Image-backed grounding data:

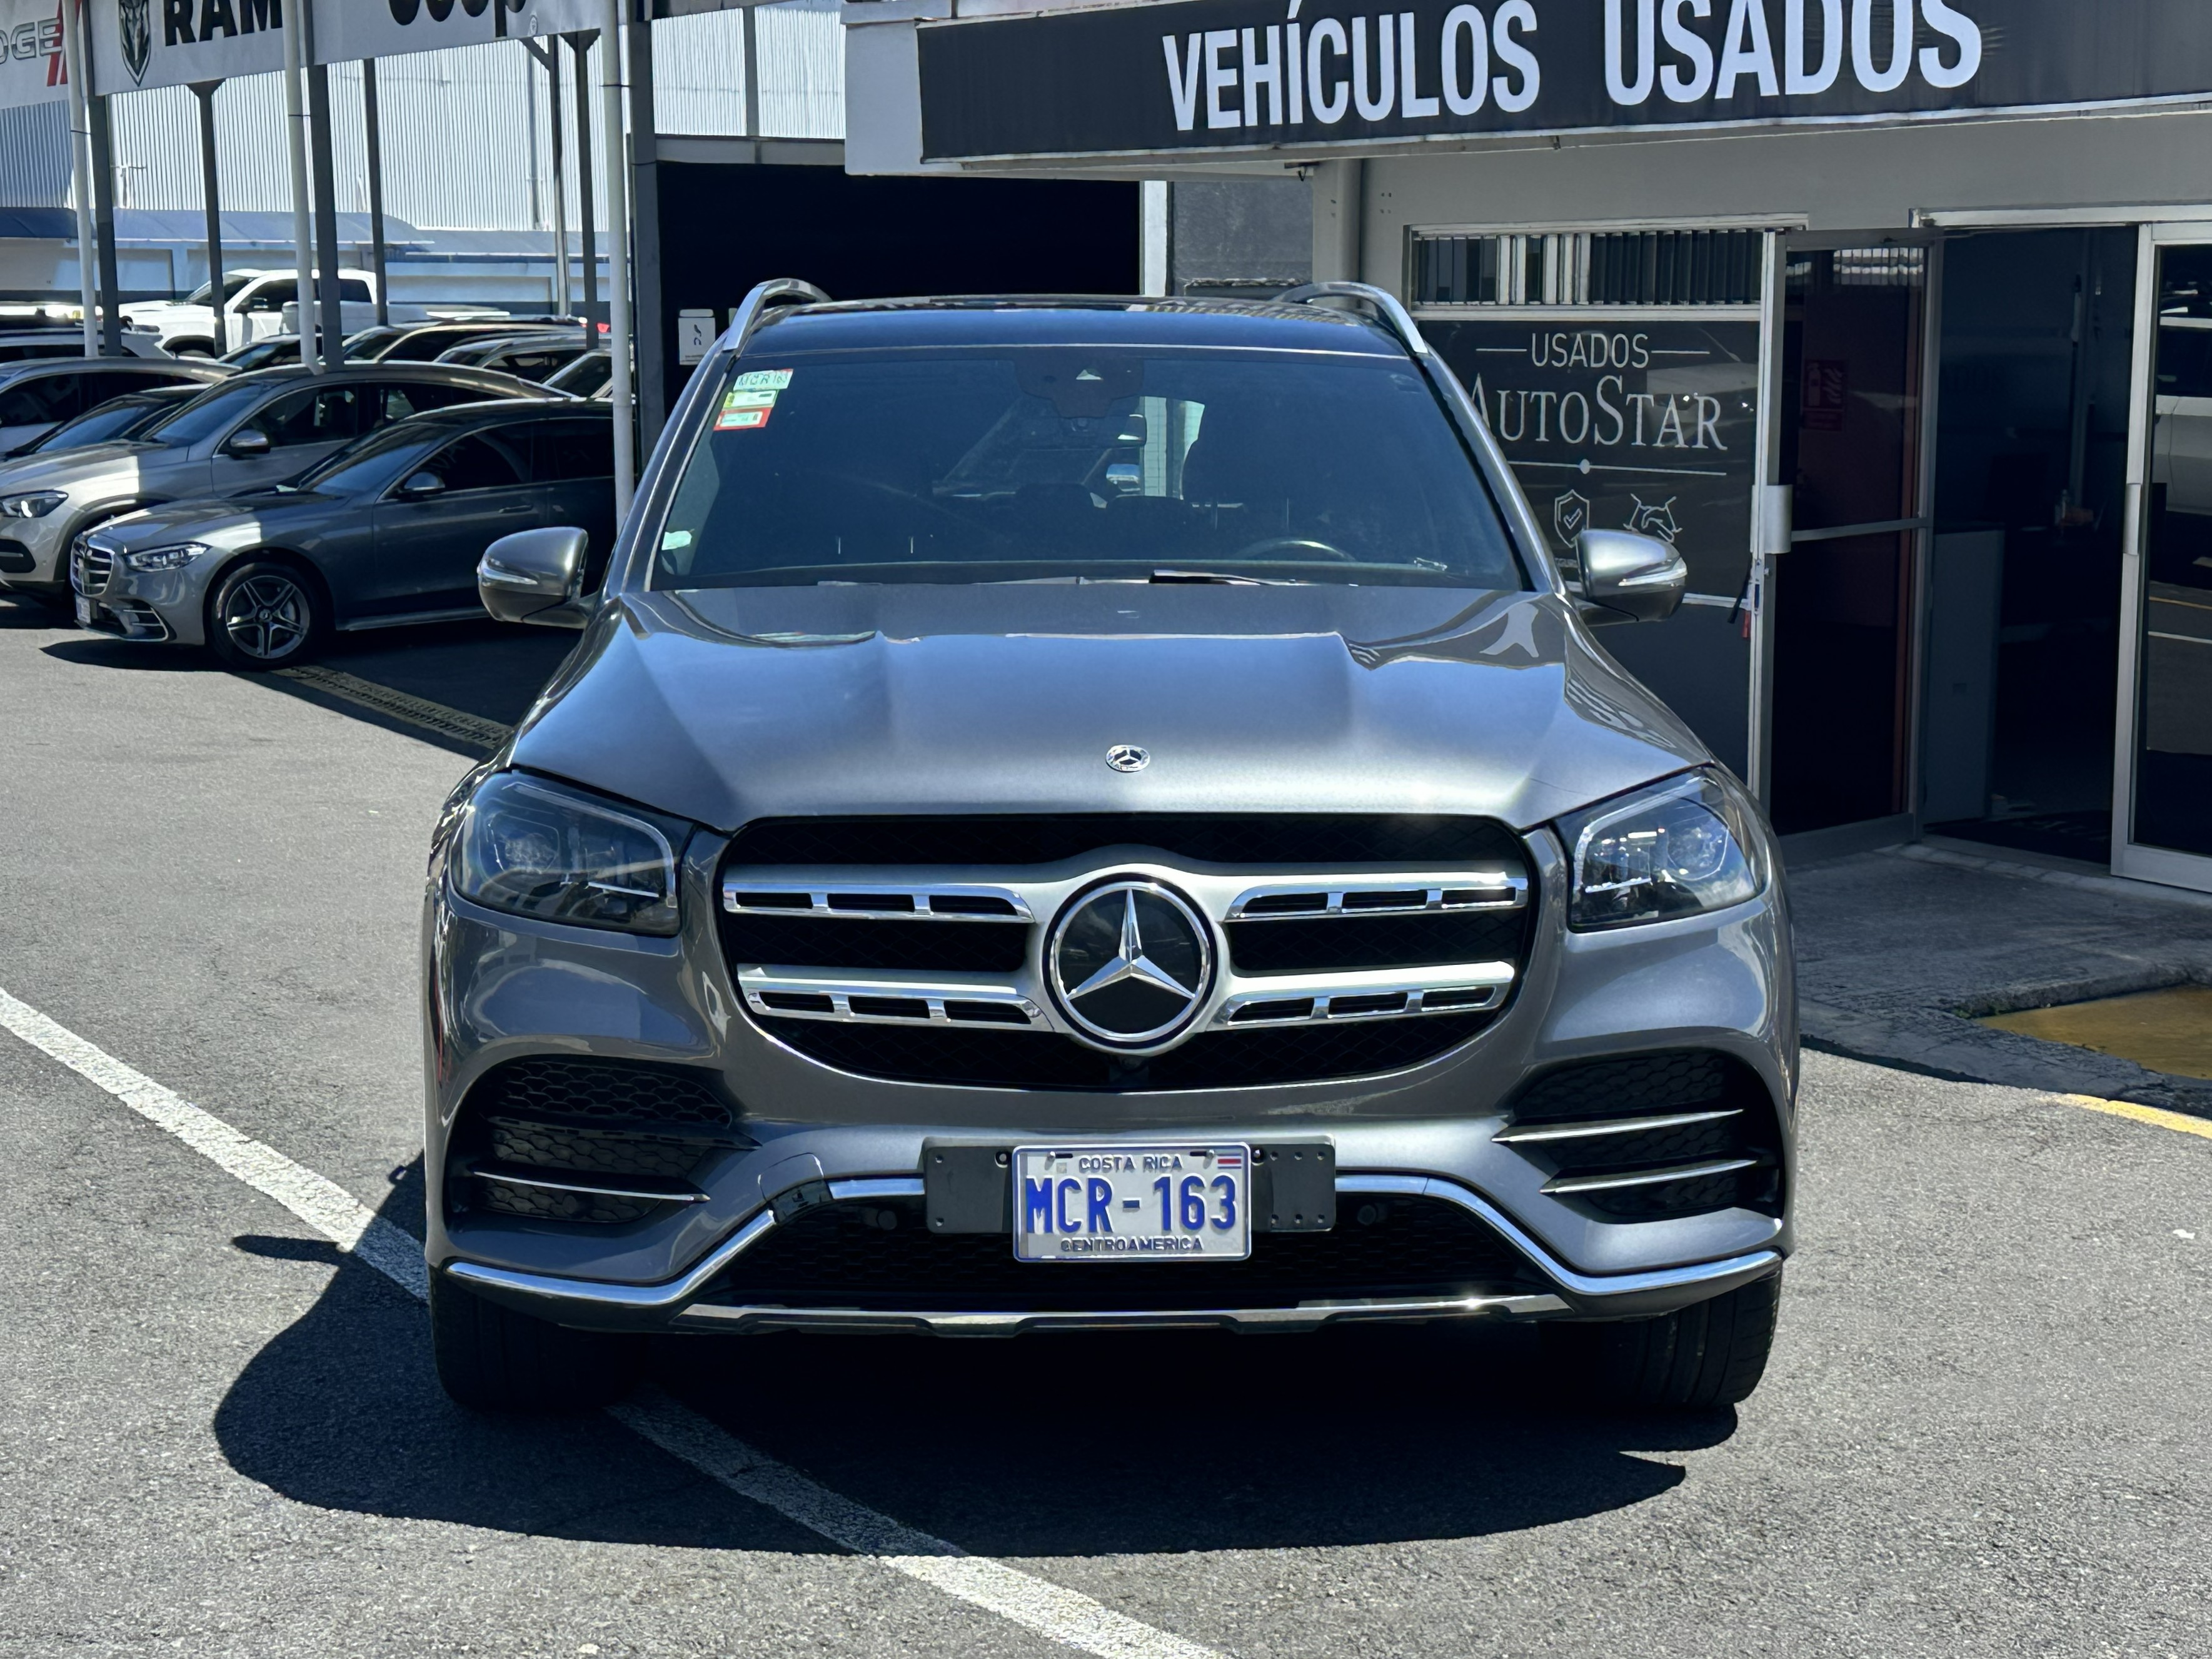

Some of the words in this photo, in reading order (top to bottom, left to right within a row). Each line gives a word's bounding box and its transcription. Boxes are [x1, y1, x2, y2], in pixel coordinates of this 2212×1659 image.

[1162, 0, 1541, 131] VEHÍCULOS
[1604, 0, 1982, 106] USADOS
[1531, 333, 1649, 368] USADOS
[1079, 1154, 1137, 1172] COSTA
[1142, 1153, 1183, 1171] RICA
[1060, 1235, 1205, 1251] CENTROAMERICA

- [What the exercise asks]: Would you give the data above again word for word, minus the pictures?

- [Your solution]:
Some of the words in this photo, in reading order (top to bottom, left to right within a row). Each line gives a word's bounding box and its transcription. Boxes are [x1, y1, x2, y2], in pixel coordinates of this 2212×1659 image.

[1162, 0, 1541, 131] VEHÍCULOS
[1604, 0, 1982, 106] USADOS
[1531, 333, 1649, 368] USADOS
[1079, 1154, 1137, 1172] COSTA
[1142, 1153, 1183, 1171] RICA
[1060, 1235, 1205, 1251] CENTROAMERICA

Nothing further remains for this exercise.